[Extracted entries Boundary: Start]
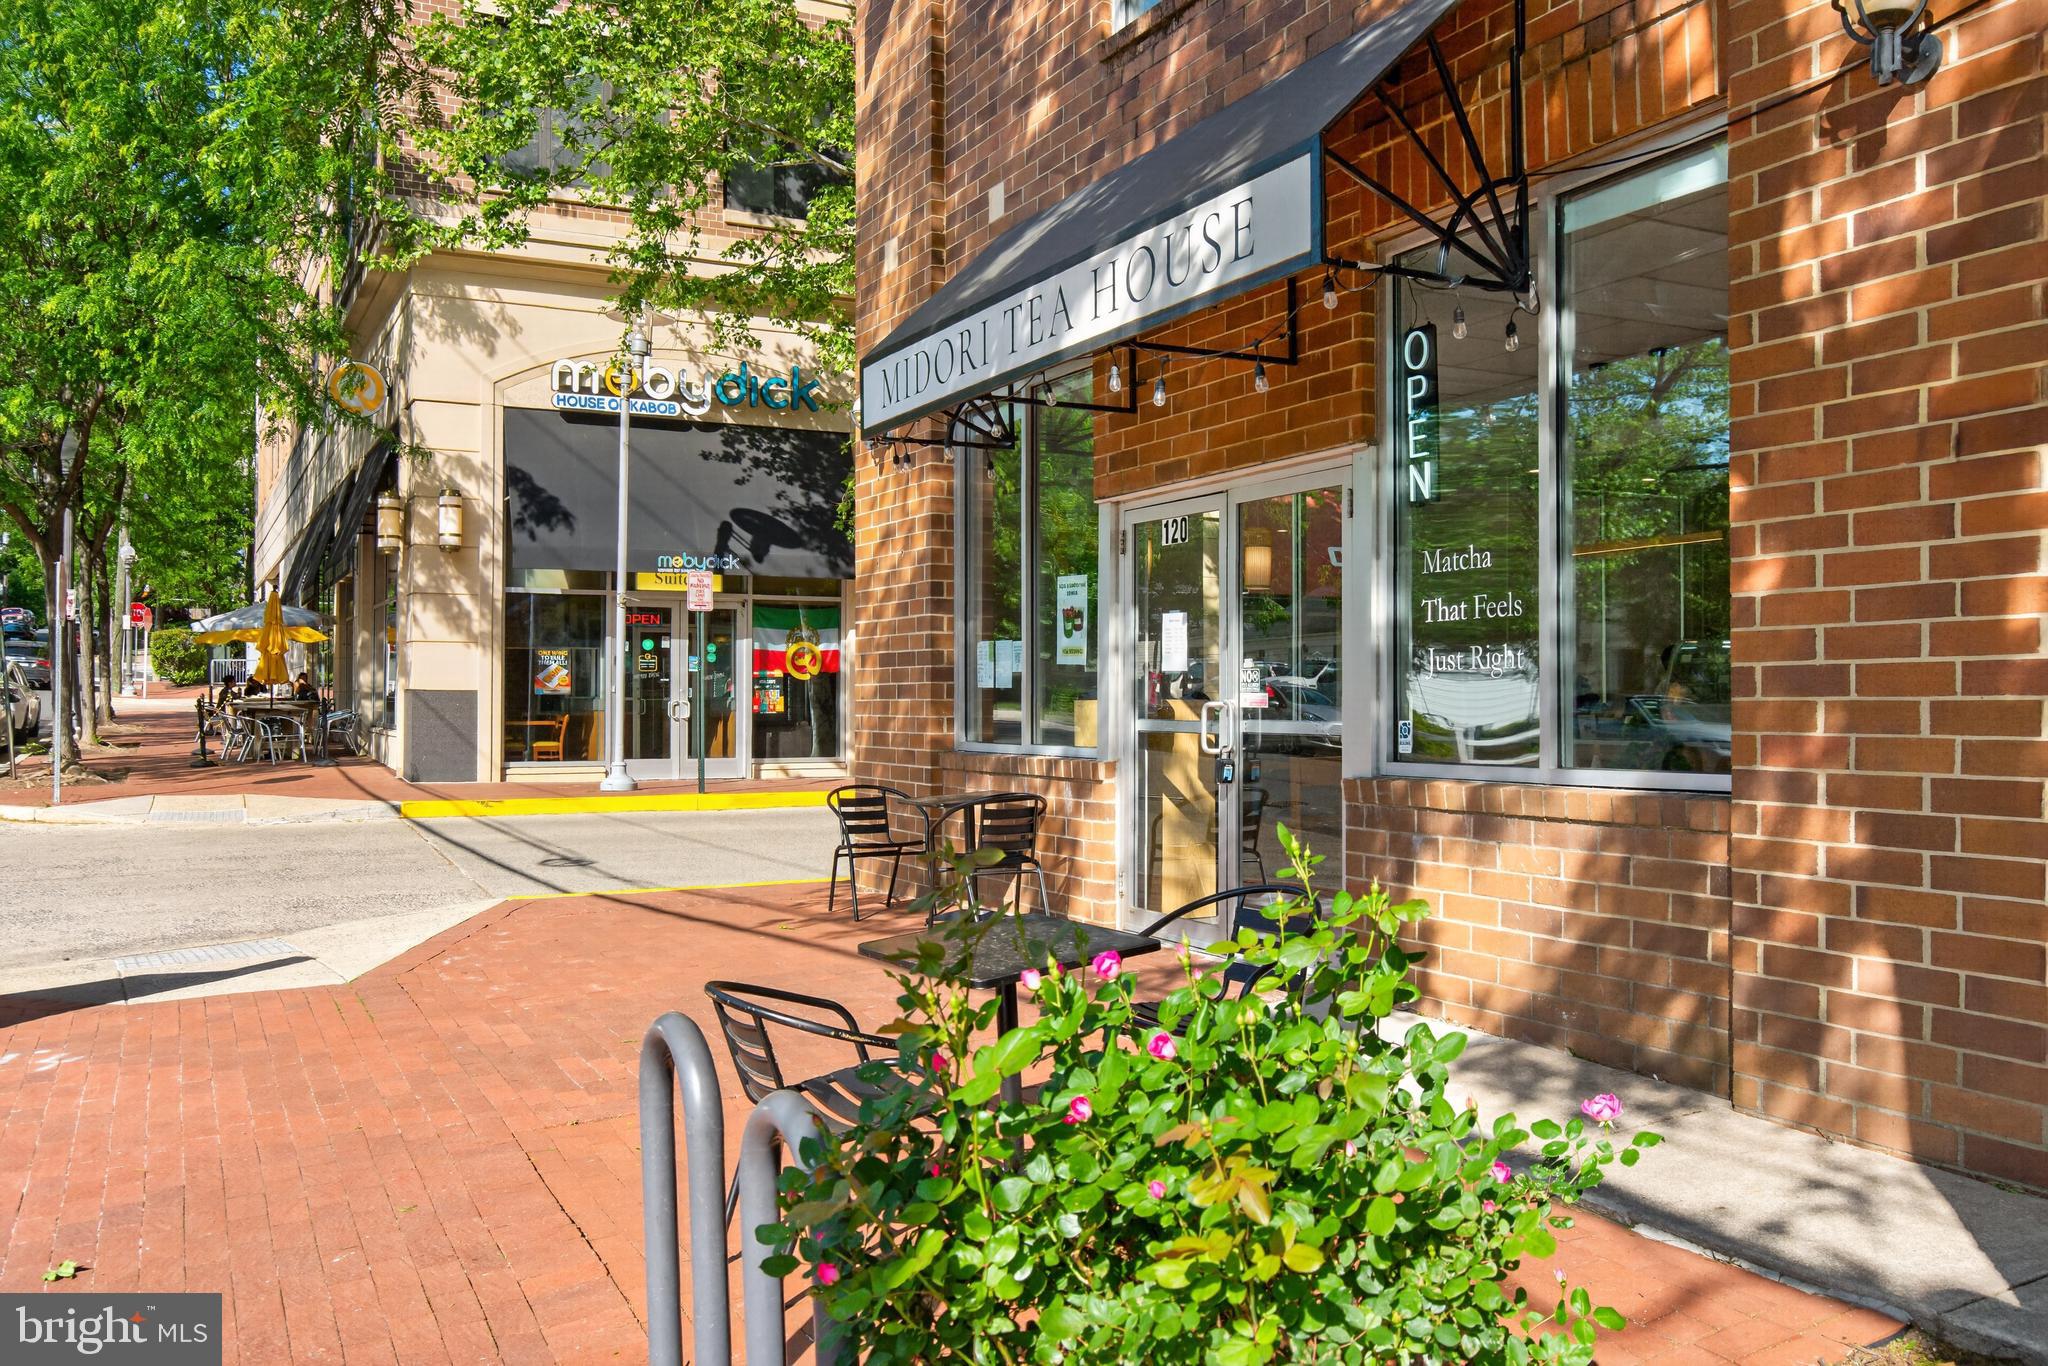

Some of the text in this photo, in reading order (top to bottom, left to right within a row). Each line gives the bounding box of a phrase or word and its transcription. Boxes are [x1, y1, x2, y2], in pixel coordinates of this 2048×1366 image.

[880, 196, 1256, 410] MIDORI TEA HOUSE
[556, 394, 677, 415] HOUSE O KABOB
[1404, 329, 1431, 503] OPEN
[1163, 516, 1188, 545] 120
[1422, 544, 1493, 575] Matcha
[1421, 592, 1523, 624] That Feels
[1426, 644, 1525, 680] Just Right
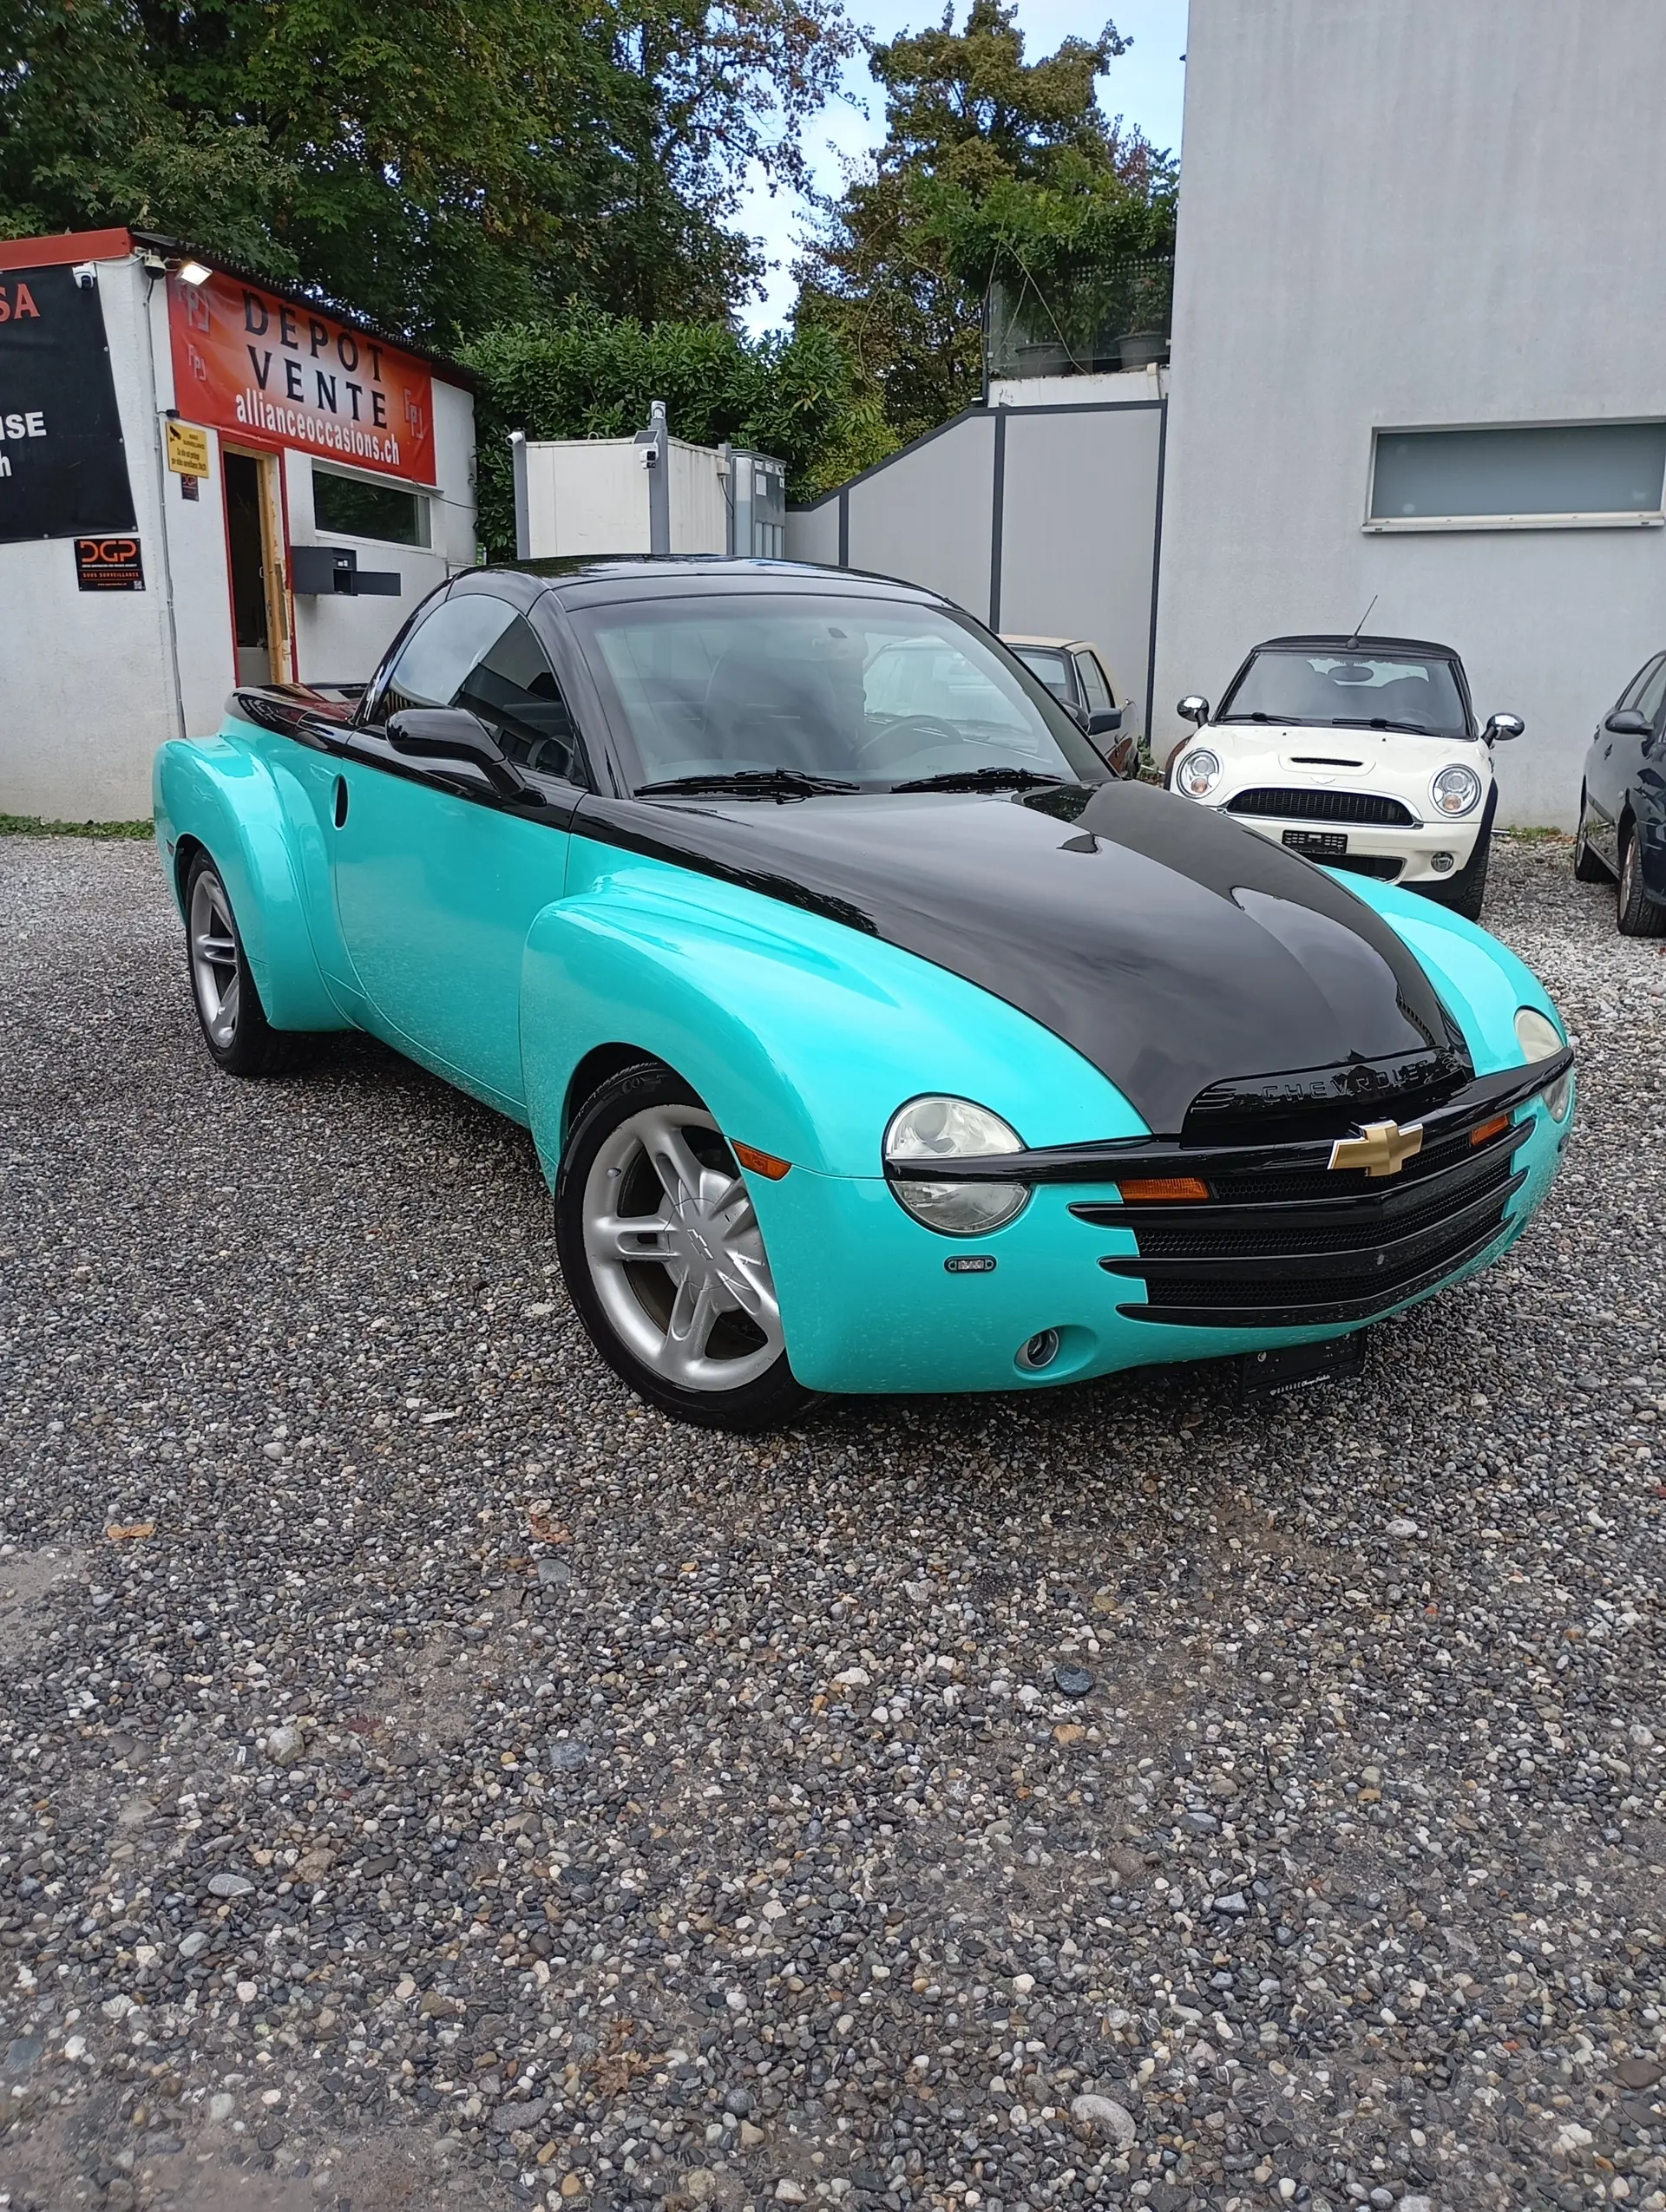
[Extracted entries Boundary: End]
What you will do
Since the pictures are not wanted, give the material again exactly without them.

Exercise result
Some of the text in this photo, in reading order (top to bottom, left to right within a row). Each line gives the bounding box of a phrase or word and its transcription. Boxes are [x1, y1, x2, y2], in pixel coordinates of this 2048×1366 image.

[880, 196, 1256, 410] MIDORI TEA HOUSE
[556, 394, 677, 415] HOUSE O KABOB
[1404, 329, 1431, 503] OPEN
[1163, 516, 1188, 545] 120
[1422, 544, 1493, 575] Matcha
[1421, 592, 1523, 624] That Feels
[1426, 644, 1525, 680] Just Right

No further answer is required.